┌─ Data shown
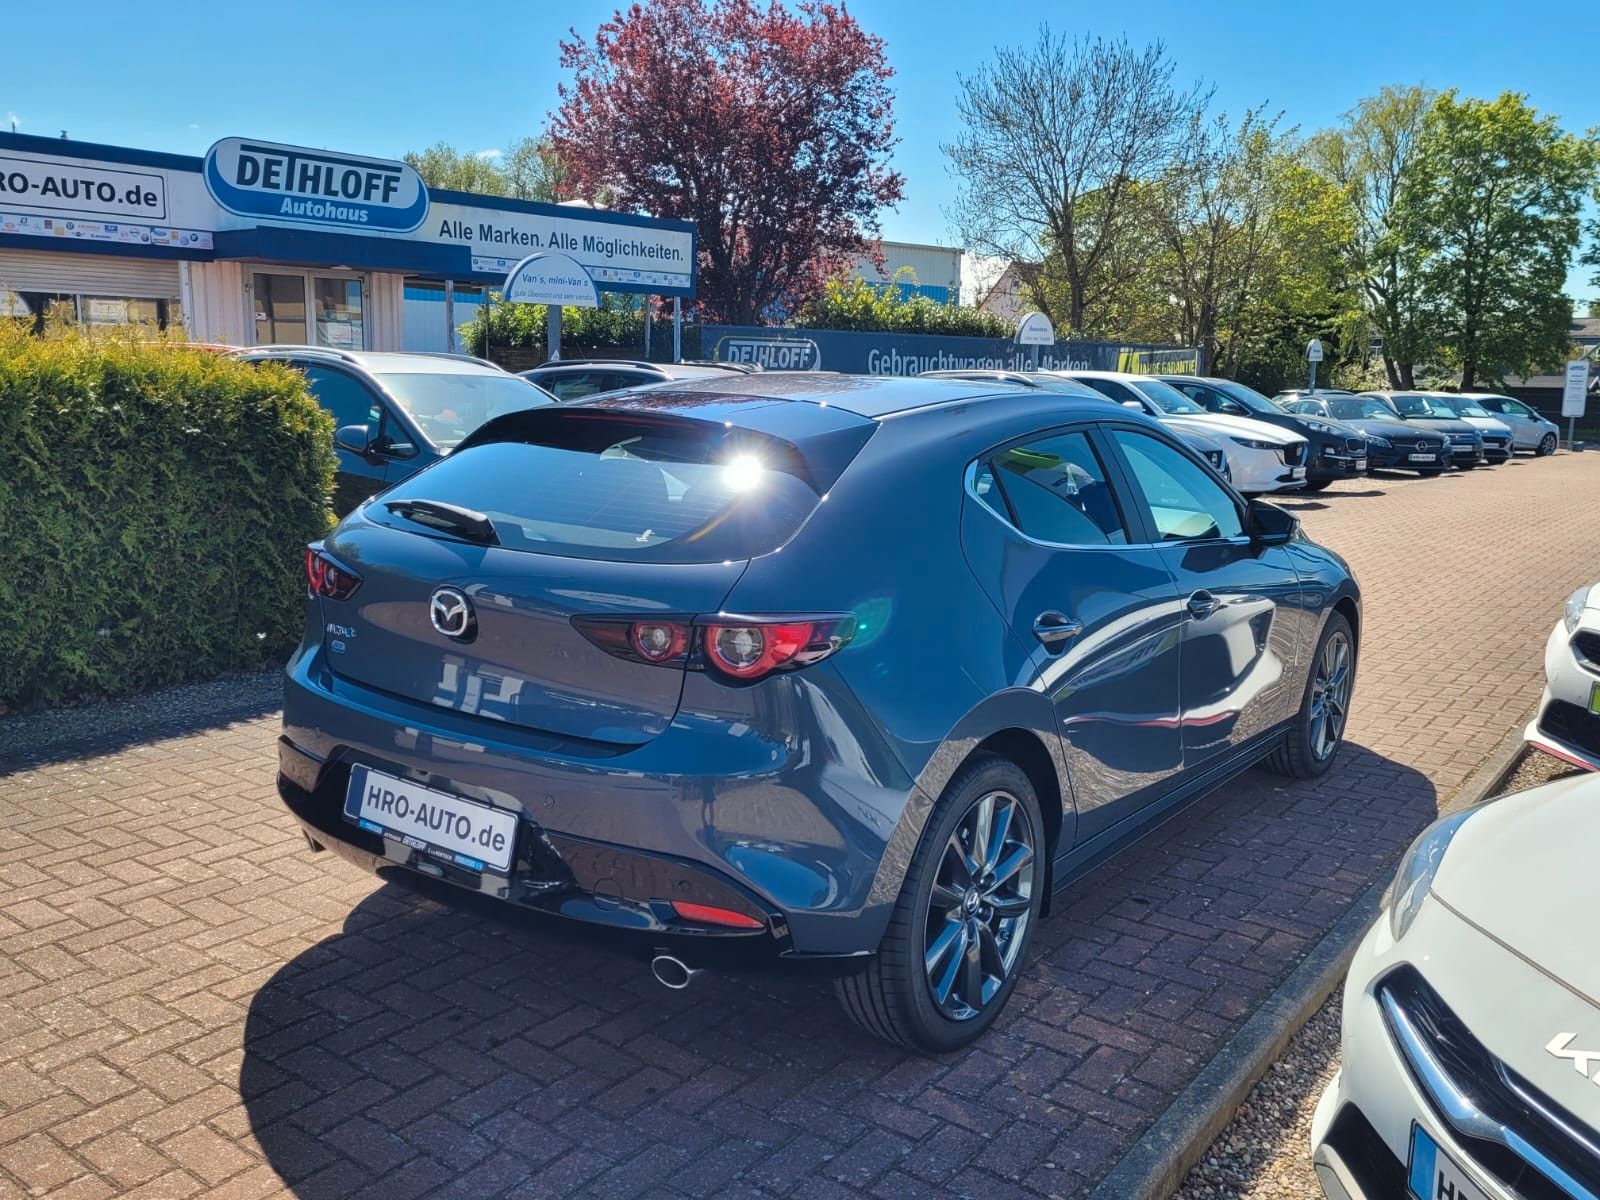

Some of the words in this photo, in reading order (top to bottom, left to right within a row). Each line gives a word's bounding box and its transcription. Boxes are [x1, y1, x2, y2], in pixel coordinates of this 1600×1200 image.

[236, 144, 402, 203] DETHLOFF
[280, 197, 368, 223] Autohaus
[439, 220, 473, 240] Alle
[479, 224, 545, 248] Marken.
[548, 232, 578, 251] Alle
[583, 234, 684, 262] Möglichkeiten.
[728, 340, 811, 369] DETHLOFF
[868, 347, 1003, 376] Gebrauchtwagen
[367, 784, 506, 852] HRO-AUTO.de
└─
▶ What needs to be done
Print every entry verbatim and leave all pictures out.

▶ Response to this task
Some of the words in this photo, in reading order (top to bottom, left to right within a row). Each line gives a word's bounding box and its transcription. Boxes are [x1, y1, x2, y2], in pixel coordinates of this 1600×1200 image.

[236, 144, 402, 203] DETHLOFF
[280, 197, 368, 223] Autohaus
[439, 220, 473, 240] Alle
[479, 224, 545, 248] Marken.
[548, 232, 578, 251] Alle
[583, 234, 684, 262] Möglichkeiten.
[728, 340, 811, 369] DETHLOFF
[868, 347, 1003, 376] Gebrauchtwagen
[367, 784, 506, 852] HRO-AUTO.de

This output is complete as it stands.